→ **DATA**
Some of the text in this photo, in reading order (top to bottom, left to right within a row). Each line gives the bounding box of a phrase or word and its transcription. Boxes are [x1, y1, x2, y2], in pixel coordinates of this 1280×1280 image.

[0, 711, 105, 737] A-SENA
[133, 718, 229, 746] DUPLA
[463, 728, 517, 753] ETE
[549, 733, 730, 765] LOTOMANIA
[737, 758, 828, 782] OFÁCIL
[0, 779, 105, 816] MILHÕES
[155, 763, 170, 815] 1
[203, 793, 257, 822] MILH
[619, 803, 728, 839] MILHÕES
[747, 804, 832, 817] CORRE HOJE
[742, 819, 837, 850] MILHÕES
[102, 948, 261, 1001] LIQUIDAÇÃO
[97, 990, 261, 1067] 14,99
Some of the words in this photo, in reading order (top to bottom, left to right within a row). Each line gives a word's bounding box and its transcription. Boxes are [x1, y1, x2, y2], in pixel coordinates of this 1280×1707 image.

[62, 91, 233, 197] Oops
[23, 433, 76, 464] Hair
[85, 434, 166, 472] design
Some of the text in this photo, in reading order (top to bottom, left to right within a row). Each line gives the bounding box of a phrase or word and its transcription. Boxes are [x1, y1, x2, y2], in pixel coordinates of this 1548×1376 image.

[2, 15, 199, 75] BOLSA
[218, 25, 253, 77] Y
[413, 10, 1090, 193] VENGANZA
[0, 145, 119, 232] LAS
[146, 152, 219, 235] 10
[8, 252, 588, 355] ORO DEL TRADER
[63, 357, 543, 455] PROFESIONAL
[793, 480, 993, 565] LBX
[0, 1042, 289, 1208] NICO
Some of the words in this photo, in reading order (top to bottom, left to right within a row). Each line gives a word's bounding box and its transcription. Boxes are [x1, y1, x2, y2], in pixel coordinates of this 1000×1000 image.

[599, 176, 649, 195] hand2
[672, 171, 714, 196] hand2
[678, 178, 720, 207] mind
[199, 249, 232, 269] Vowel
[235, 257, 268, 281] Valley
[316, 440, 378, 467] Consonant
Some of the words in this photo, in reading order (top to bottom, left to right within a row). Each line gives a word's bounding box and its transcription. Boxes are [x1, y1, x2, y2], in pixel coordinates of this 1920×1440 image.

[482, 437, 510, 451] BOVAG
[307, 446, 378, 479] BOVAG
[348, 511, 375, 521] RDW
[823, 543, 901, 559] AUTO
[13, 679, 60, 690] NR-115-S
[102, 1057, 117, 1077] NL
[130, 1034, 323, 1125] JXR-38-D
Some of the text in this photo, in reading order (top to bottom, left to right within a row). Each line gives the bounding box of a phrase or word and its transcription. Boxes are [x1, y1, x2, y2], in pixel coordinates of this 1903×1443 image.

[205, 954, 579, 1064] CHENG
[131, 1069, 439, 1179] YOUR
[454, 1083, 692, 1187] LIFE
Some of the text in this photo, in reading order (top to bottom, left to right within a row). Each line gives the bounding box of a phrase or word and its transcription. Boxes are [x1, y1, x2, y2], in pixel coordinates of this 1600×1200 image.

→ **ABOUT THIS EXERCISE**
After reading the data above, return it verbatim in full.

→ **ANSWER TO THE PROBLEM**
Some of the text in this photo, in reading order (top to bottom, left to right within a row). Each line gives the bounding box of a phrase or word and its transcription. Boxes are [x1, y1, x2, y2], in pixel coordinates of this 1280×1280 image.

[0, 711, 105, 737] A-SENA
[133, 718, 229, 746] DUPLA
[463, 728, 517, 753] ETE
[549, 733, 730, 765] LOTOMANIA
[737, 758, 828, 782] OFÁCIL
[0, 779, 105, 816] MILHÕES
[155, 763, 170, 815] 1
[203, 793, 257, 822] MILH
[619, 803, 728, 839] MILHÕES
[747, 804, 832, 817] CORRE HOJE
[742, 819, 837, 850] MILHÕES
[102, 948, 261, 1001] LIQUIDAÇÃO
[97, 990, 261, 1067] 14,99
Some of the words in this photo, in reading order (top to bottom, left to right within a row). Each line gives a word's bounding box and its transcription. Boxes are [x1, y1, x2, y2], in pixel coordinates of this 1280×1707 image.

[62, 91, 233, 197] Oops
[23, 433, 76, 464] Hair
[85, 434, 166, 472] design
Some of the text in this photo, in reading order (top to bottom, left to right within a row). Each line gives the bounding box of a phrase or word and its transcription. Boxes are [x1, y1, x2, y2], in pixel coordinates of this 1548×1376 image.

[2, 15, 199, 75] BOLSA
[218, 25, 253, 77] Y
[413, 10, 1090, 193] VENGANZA
[0, 145, 119, 232] LAS
[146, 152, 219, 235] 10
[8, 252, 588, 355] ORO DEL TRADER
[63, 357, 543, 455] PROFESIONAL
[793, 480, 993, 565] LBX
[0, 1042, 289, 1208] NICO
Some of the words in this photo, in reading order (top to bottom, left to right within a row). Each line gives a word's bounding box and its transcription. Boxes are [x1, y1, x2, y2], in pixel coordinates of this 1000×1000 image.

[599, 176, 649, 195] hand2
[672, 171, 714, 196] hand2
[678, 178, 720, 207] mind
[199, 249, 232, 269] Vowel
[235, 257, 268, 281] Valley
[316, 440, 378, 467] Consonant
Some of the words in this photo, in reading order (top to bottom, left to right within a row). Each line gives a word's bounding box and its transcription. Boxes are [x1, y1, x2, y2], in pixel coordinates of this 1920×1440 image.

[482, 437, 510, 451] BOVAG
[307, 446, 378, 479] BOVAG
[348, 511, 375, 521] RDW
[823, 543, 901, 559] AUTO
[13, 679, 60, 690] NR-115-S
[102, 1057, 117, 1077] NL
[130, 1034, 323, 1125] JXR-38-D
Some of the text in this photo, in reading order (top to bottom, left to right within a row). Each line gives the bounding box of a phrase or word and its transcription. Boxes are [x1, y1, x2, y2], in pixel coordinates of this 1903×1443 image.

[205, 954, 579, 1064] CHENG
[131, 1069, 439, 1179] YOUR
[454, 1083, 692, 1187] LIFE
Some of the text in this photo, in reading order (top to bottom, left to right within a row). Each line gives the bounding box of a phrase or word and its transcription. Boxes are [x1, y1, x2, y2], in pixel coordinates of this 1600×1200 image.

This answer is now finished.